Book Arizona Goes to War

    Book Details:
  • Author : Brad Melton
  • Publisher : University of Arizona Press
  • Release : 2003-04
  • ISBN : 0816521905
  • Pages : 256 pages

Download or read book Arizona Goes to War written by Brad Melton and published by University of Arizona Press. This book was released on 2003-04 with total page 256 pages. Available in PDF, EPUB and Kindle. Book excerpt: Tells the stories of Arizonans who answered their country's call to fight in World War II, as well as the adventures of those on the home front.

Book Arizona War

    Book Details:
  • Author : Melody Groves
  • Publisher : Speaking Volumes
  • Release : 2008
  • ISBN : 1645404773
  • Pages : 312 pages

Download or read book Arizona War written by Melody Groves and published by Speaking Volumes. This book was released on 2008 with total page 312 pages. Available in PDF, EPUB and Kindle. Book excerpt: Winner, 2017 NM/AZ Book Awards for She Was Sheriff First Apaches, then Confederate Texans.

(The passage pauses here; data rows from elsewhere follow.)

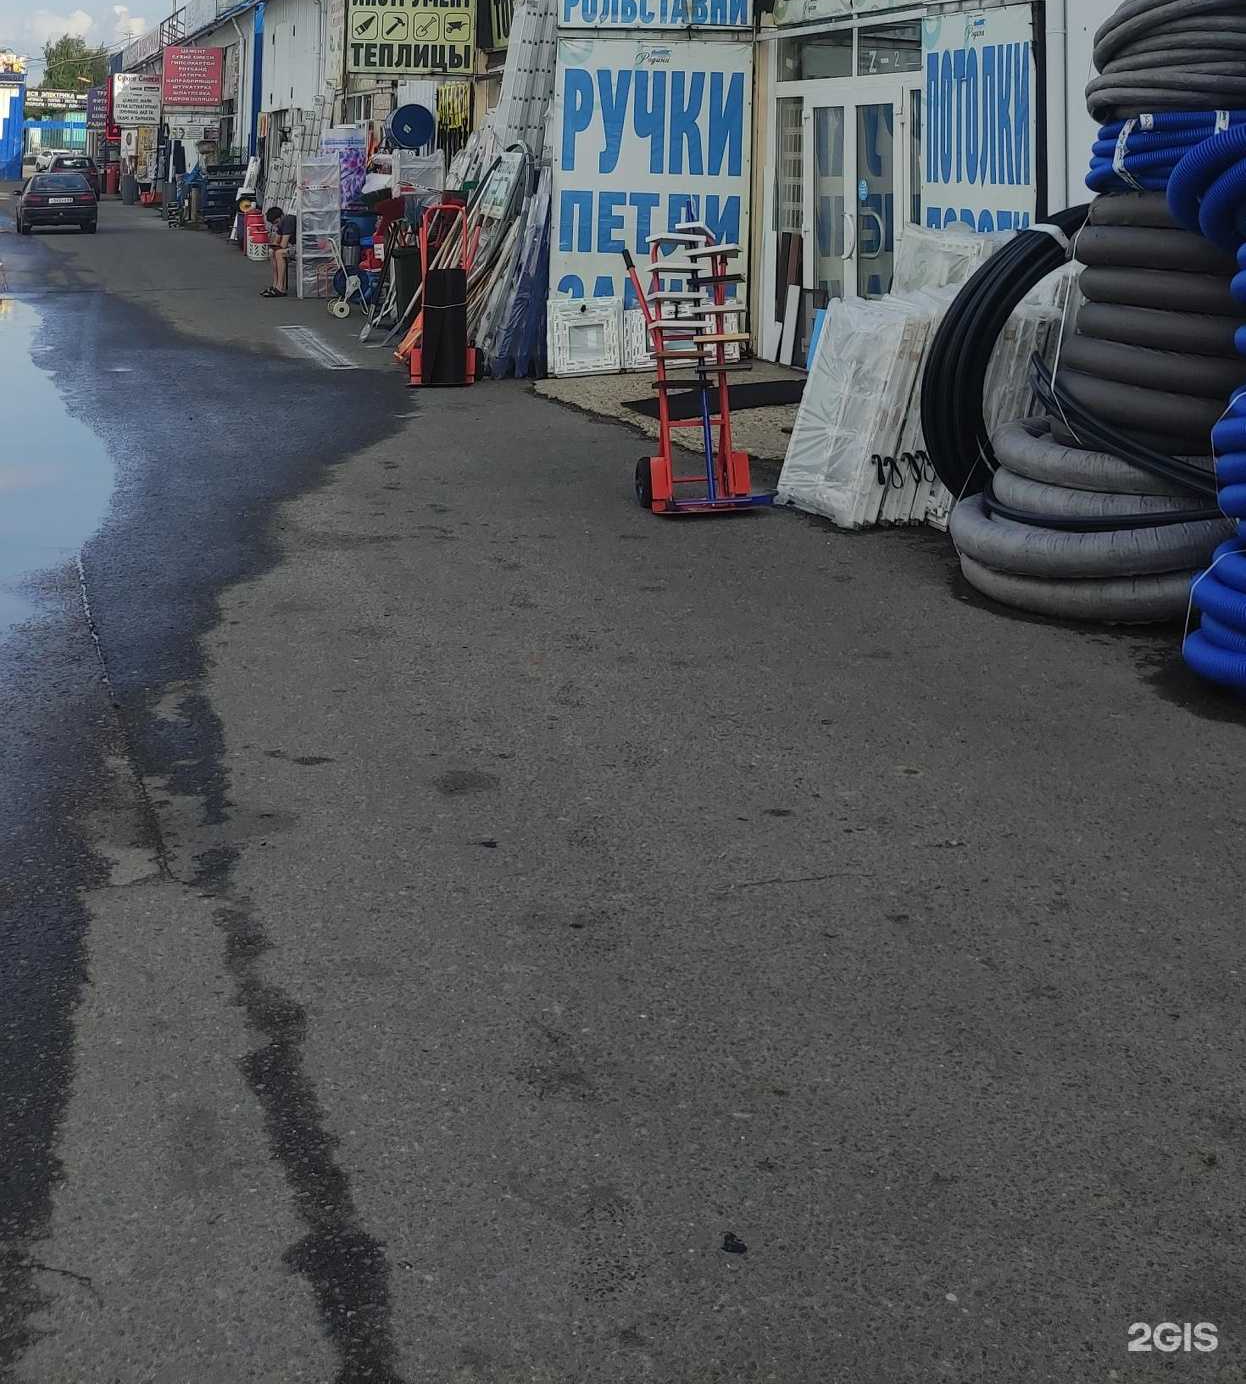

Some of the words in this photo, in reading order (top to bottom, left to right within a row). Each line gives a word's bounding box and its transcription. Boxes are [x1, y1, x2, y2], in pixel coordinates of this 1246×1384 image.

[351, 42, 471, 73] ТЕПЛИЦЫ
[562, 68, 745, 176] РУЧКИ
[926, 41, 1030, 189] ПОТОЛКИ
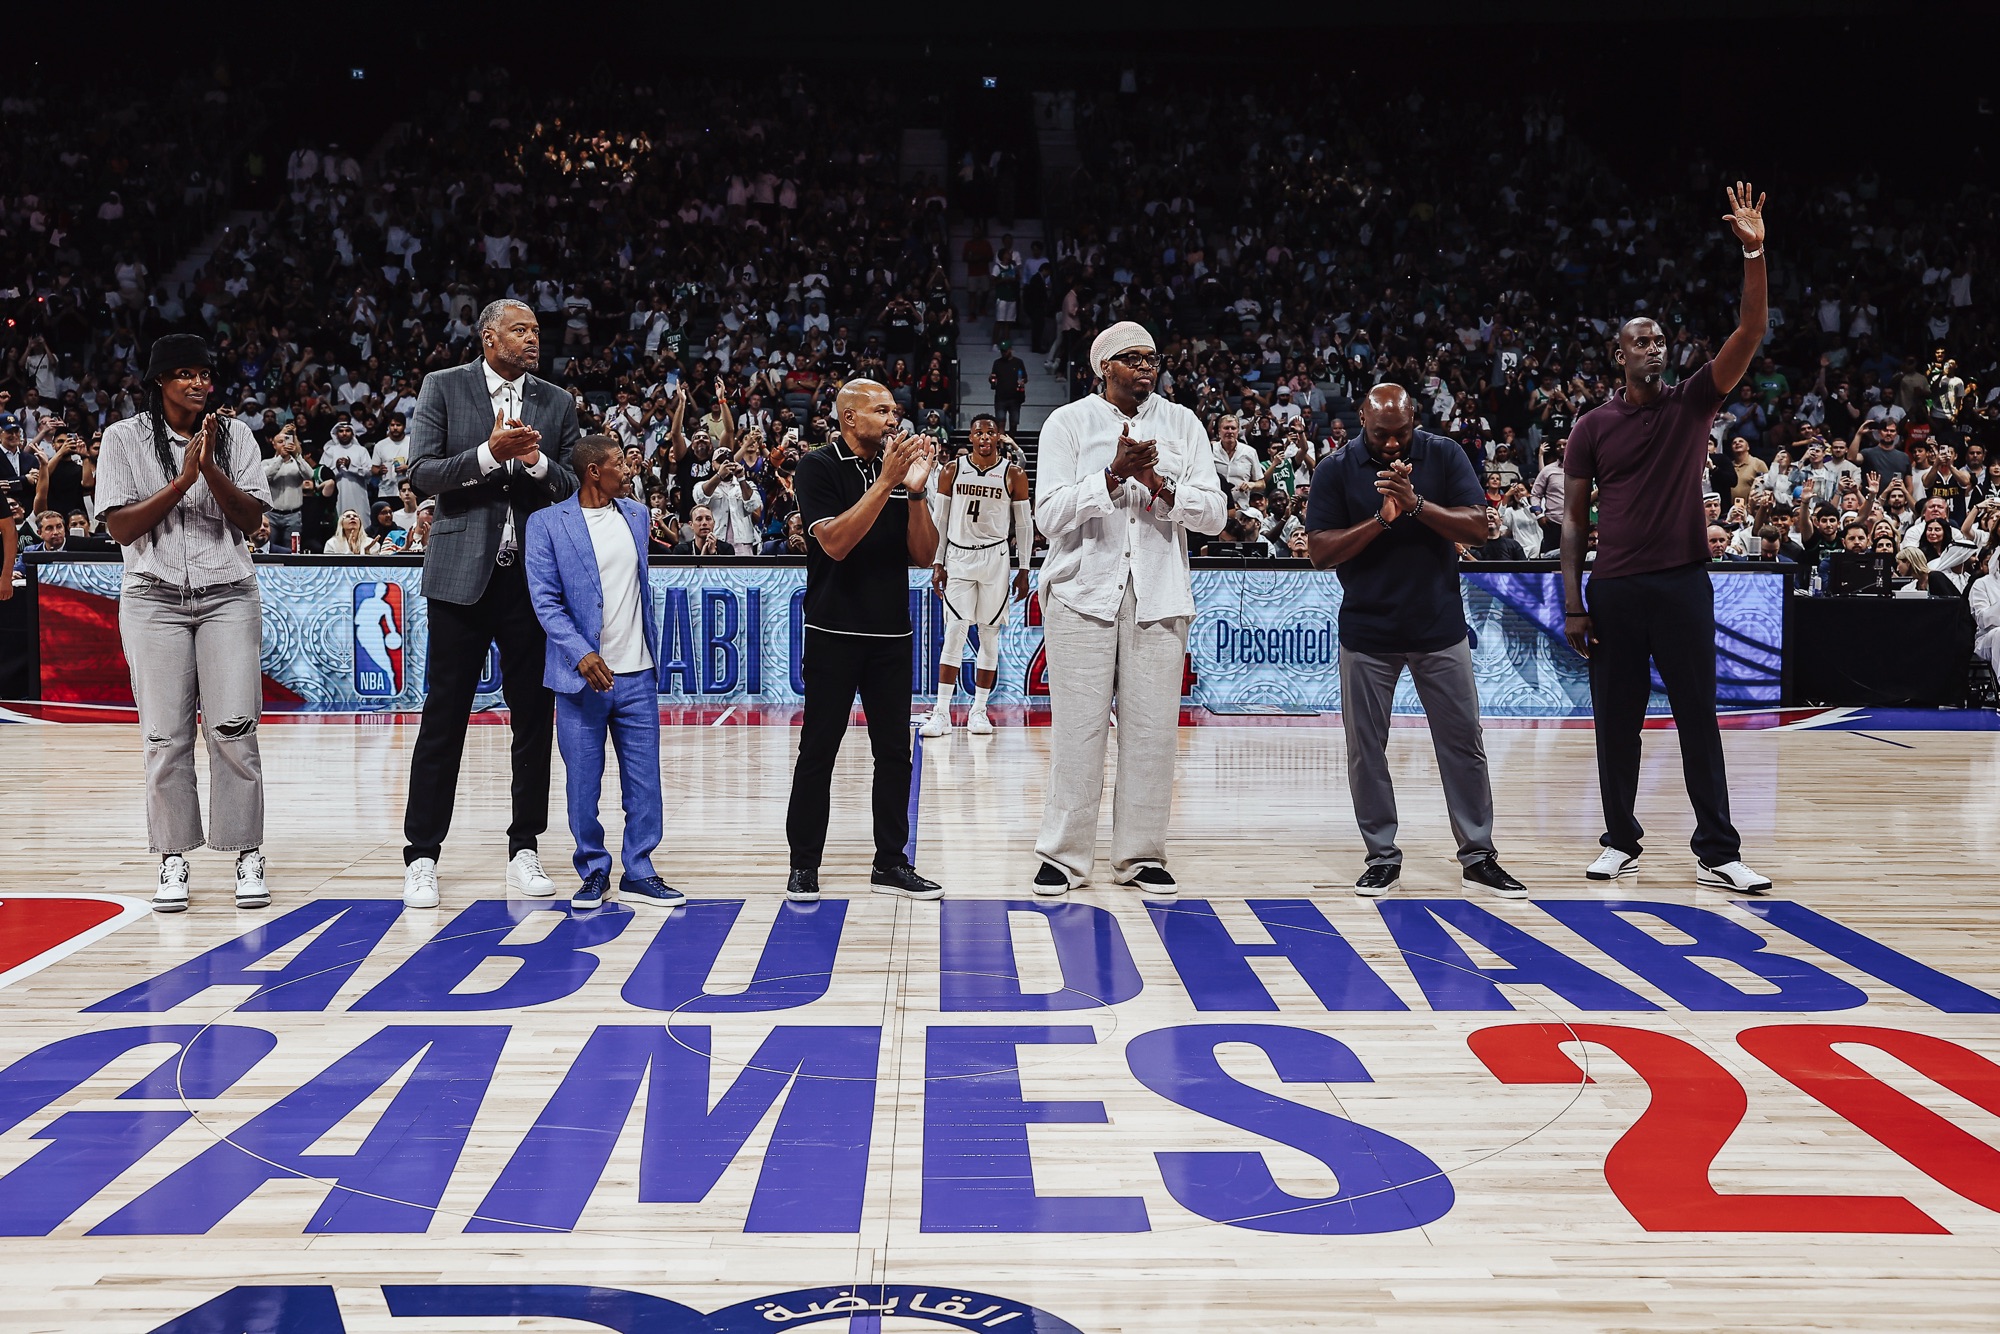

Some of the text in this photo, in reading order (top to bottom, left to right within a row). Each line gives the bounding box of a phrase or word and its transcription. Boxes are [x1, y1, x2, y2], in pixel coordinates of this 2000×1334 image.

[1553, 419, 1564, 428] 34
[956, 483, 1002, 499] NUGGETS
[966, 499, 981, 523] 4
[655, 586, 763, 696] ABI
[1216, 619, 1331, 664] Presented
[360, 671, 385, 691] NBA
[80, 900, 2000, 1013] ABU DHABI
[0, 1024, 1455, 1236] GAMES
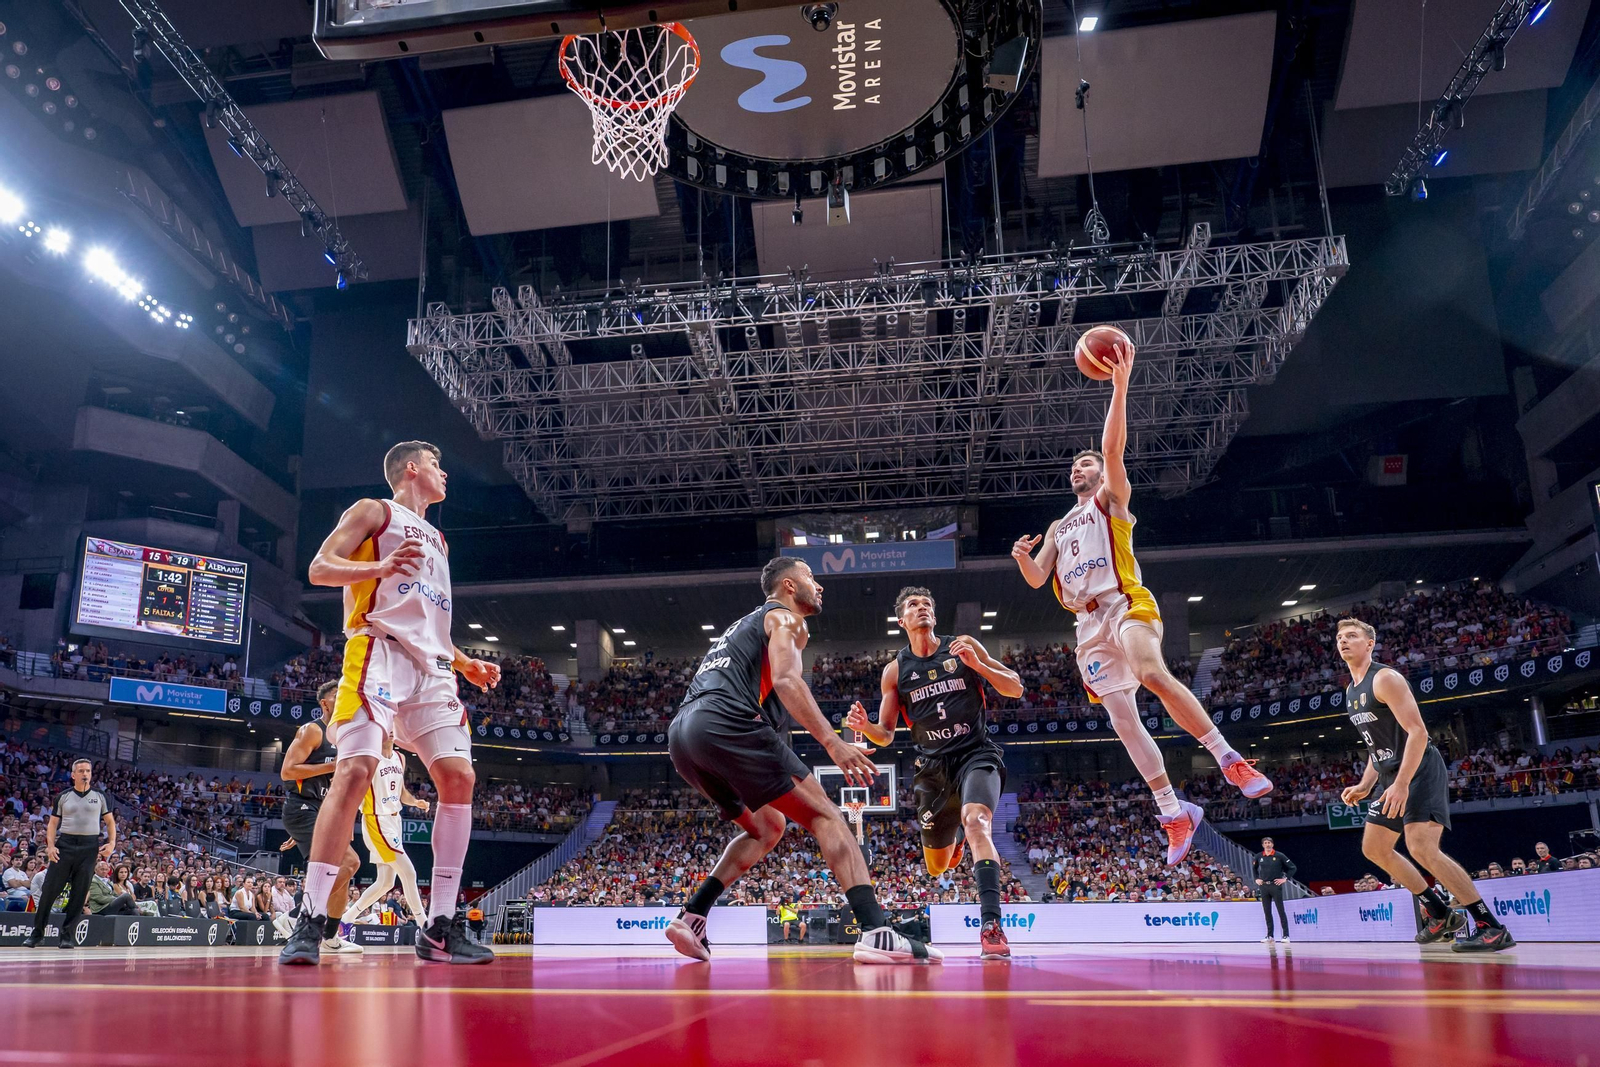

The Colton brothers—James, Trace, and now Andy—must face not only their enemies, but their own personal demons. Driven to near madness by Apache brutality, nearly killing the sheriff, James chooses joining the Union Army over prison. Andy, the youngest brother, also joins, but only to keep James out of trouble. Trace, the oldest Colton, finds himself imprisoned by a sadistic Confederate officer and left alone to die. It's Arizona Territory at the start of the Civil War, and the Coltons are caught in the middle of it. In the end, it's all up to James to save Union troops from an Apache attack—if he can summon the courage to face his old torturers and their leader, Cochise. "Melody Groves writes about the Southwestern frontier with real authority; a scholar's grasp of history, a keen sense of the land, and a well-honed edge for action that'll get your blood boiling. Historical fiction at its best."—Johnny Boggs, author of thirty books

Book The Morenci Marines

    Book Details:
  • Author : Kyle Longley
  • Publisher : University Press of Kansas
  • Release : 2015-06-15
  • ISBN : 0700621105
  • Pages : 368 pages

Download or read book The Morenci Marines written by Kyle Longley and published by University Press of Kansas. This book was released on 2015-06-15 with total page 368 pages. Available in PDF, EPUB and Kindle. Book excerpt: In 1966, nine young men left the Arizona desert mining camp of Morenci to serve their country in the far-flung jungles of Vietnam, in danger zones from Hue to Khe Sanh. Ultimately, only three survived. Each battled survivor’s guilt, difficult re-entries into civilian life, and traumas from personally experiencing war—and losing close friends along the way. Such stories recurred throughout America, but the Morenci Marines stood out. ABC News and Time magazine recounted their moving tale during the war, and, in 2007, the Arizona Republic selected the “Morenci Nine” as the most important veterans’ story in state history. Returning to the soldiers’ Morenci roots, Kyle Longley’s account presents their story as unique by setting and circumstance, yet typical of the sacrifices borne by small towns all across America. His narrative spotlights a generation of young people who joined the military during the tumultuous 1960s and informs a later generation of the hard choices made, many with long-term consequences. The story of the Morenci Marines also reflects that of their hometown: a company town dominated by the Phelps Dodge Mining Corporation, where the company controlled lives and the labor strife was legendary. The town’s patriotic citizens saw Vietnam as a just cause, moving Clive Garcia’s mother to say, “He died for this cause of freedom.” Yet while their sons fought and sent home their paychecks, Phelps Dodge sought to destroy the union that kept families afloat, pushing the government to end a strike that it said undermined the war effort. Morenci was also a place where cultures intermingled, and the nine friends included three Mexican Americans and one Native American. Longley reveals how their backgrounds affected their decisions to join and also helped the survivors cope, with Mike Cranford racing his Harley on back roads at high speeds while Joe Sorrelman tried to deal with demons of war through Navajo rituals. Drawing on personal interviews and correspondence that sheds new light on the Morenci Nine, Longley has written a book as much about loss, grief, and guilt as about the battlefield. It makes compelling reading for anyone who lived in that era—and for anyone still seeing family members go off to fight in controversial wars.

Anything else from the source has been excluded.